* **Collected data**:
= Beginning of Section =
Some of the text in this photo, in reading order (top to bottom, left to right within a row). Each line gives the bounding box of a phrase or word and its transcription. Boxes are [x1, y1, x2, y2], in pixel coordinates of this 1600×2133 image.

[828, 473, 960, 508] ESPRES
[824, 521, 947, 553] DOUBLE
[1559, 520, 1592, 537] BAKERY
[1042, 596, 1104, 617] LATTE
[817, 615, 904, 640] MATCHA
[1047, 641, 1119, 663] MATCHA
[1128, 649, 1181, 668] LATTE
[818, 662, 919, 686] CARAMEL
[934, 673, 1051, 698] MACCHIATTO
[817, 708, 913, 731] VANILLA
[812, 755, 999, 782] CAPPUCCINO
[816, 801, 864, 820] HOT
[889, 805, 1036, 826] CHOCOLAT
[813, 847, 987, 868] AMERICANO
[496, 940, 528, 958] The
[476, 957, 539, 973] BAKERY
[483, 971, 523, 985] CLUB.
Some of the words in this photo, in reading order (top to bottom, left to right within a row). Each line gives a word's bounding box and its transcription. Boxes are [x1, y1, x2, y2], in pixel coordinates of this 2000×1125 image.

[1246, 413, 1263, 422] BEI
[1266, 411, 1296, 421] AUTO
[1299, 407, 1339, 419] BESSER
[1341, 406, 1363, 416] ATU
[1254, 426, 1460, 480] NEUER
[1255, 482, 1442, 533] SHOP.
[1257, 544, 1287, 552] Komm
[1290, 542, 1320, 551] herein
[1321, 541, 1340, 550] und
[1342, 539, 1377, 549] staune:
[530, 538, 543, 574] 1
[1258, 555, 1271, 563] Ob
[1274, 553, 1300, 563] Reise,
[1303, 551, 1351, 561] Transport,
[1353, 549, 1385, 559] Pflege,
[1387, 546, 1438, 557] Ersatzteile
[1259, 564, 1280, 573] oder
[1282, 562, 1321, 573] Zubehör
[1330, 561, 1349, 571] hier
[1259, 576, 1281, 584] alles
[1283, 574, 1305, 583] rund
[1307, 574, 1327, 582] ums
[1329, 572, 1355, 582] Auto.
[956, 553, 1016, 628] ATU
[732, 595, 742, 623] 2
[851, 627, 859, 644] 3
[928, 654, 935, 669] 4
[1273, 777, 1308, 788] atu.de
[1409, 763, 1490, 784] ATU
= End of Section =
* **Task description**: For this exercise, restate each of the entries without any deviation.

* **Response for this exercise**:
Some of the text in this photo, in reading order (top to bottom, left to right within a row). Each line gives the bounding box of a phrase or word and its transcription. Boxes are [x1, y1, x2, y2], in pixel coordinates of this 1600×2133 image.

[828, 473, 960, 508] ESPRES
[824, 521, 947, 553] DOUBLE
[1559, 520, 1592, 537] BAKERY
[1042, 596, 1104, 617] LATTE
[817, 615, 904, 640] MATCHA
[1047, 641, 1119, 663] MATCHA
[1128, 649, 1181, 668] LATTE
[818, 662, 919, 686] CARAMEL
[934, 673, 1051, 698] MACCHIATTO
[817, 708, 913, 731] VANILLA
[812, 755, 999, 782] CAPPUCCINO
[816, 801, 864, 820] HOT
[889, 805, 1036, 826] CHOCOLAT
[813, 847, 987, 868] AMERICANO
[496, 940, 528, 958] The
[476, 957, 539, 973] BAKERY
[483, 971, 523, 985] CLUB.
Some of the words in this photo, in reading order (top to bottom, left to right within a row). Each line gives a word's bounding box and its transcription. Boxes are [x1, y1, x2, y2], in pixel coordinates of this 2000×1125 image.

[1246, 413, 1263, 422] BEI
[1266, 411, 1296, 421] AUTO
[1299, 407, 1339, 419] BESSER
[1341, 406, 1363, 416] ATU
[1254, 426, 1460, 480] NEUER
[1255, 482, 1442, 533] SHOP.
[1257, 544, 1287, 552] Komm
[1290, 542, 1320, 551] herein
[1321, 541, 1340, 550] und
[1342, 539, 1377, 549] staune:
[530, 538, 543, 574] 1
[1258, 555, 1271, 563] Ob
[1274, 553, 1300, 563] Reise,
[1303, 551, 1351, 561] Transport,
[1353, 549, 1385, 559] Pflege,
[1387, 546, 1438, 557] Ersatzteile
[1259, 564, 1280, 573] oder
[1282, 562, 1321, 573] Zubehör
[1330, 561, 1349, 571] hier
[1259, 576, 1281, 584] alles
[1283, 574, 1305, 583] rund
[1307, 574, 1327, 582] ums
[1329, 572, 1355, 582] Auto.
[956, 553, 1016, 628] ATU
[732, 595, 742, 623] 2
[851, 627, 859, 644] 3
[928, 654, 935, 669] 4
[1273, 777, 1308, 788] atu.de
[1409, 763, 1490, 784] ATU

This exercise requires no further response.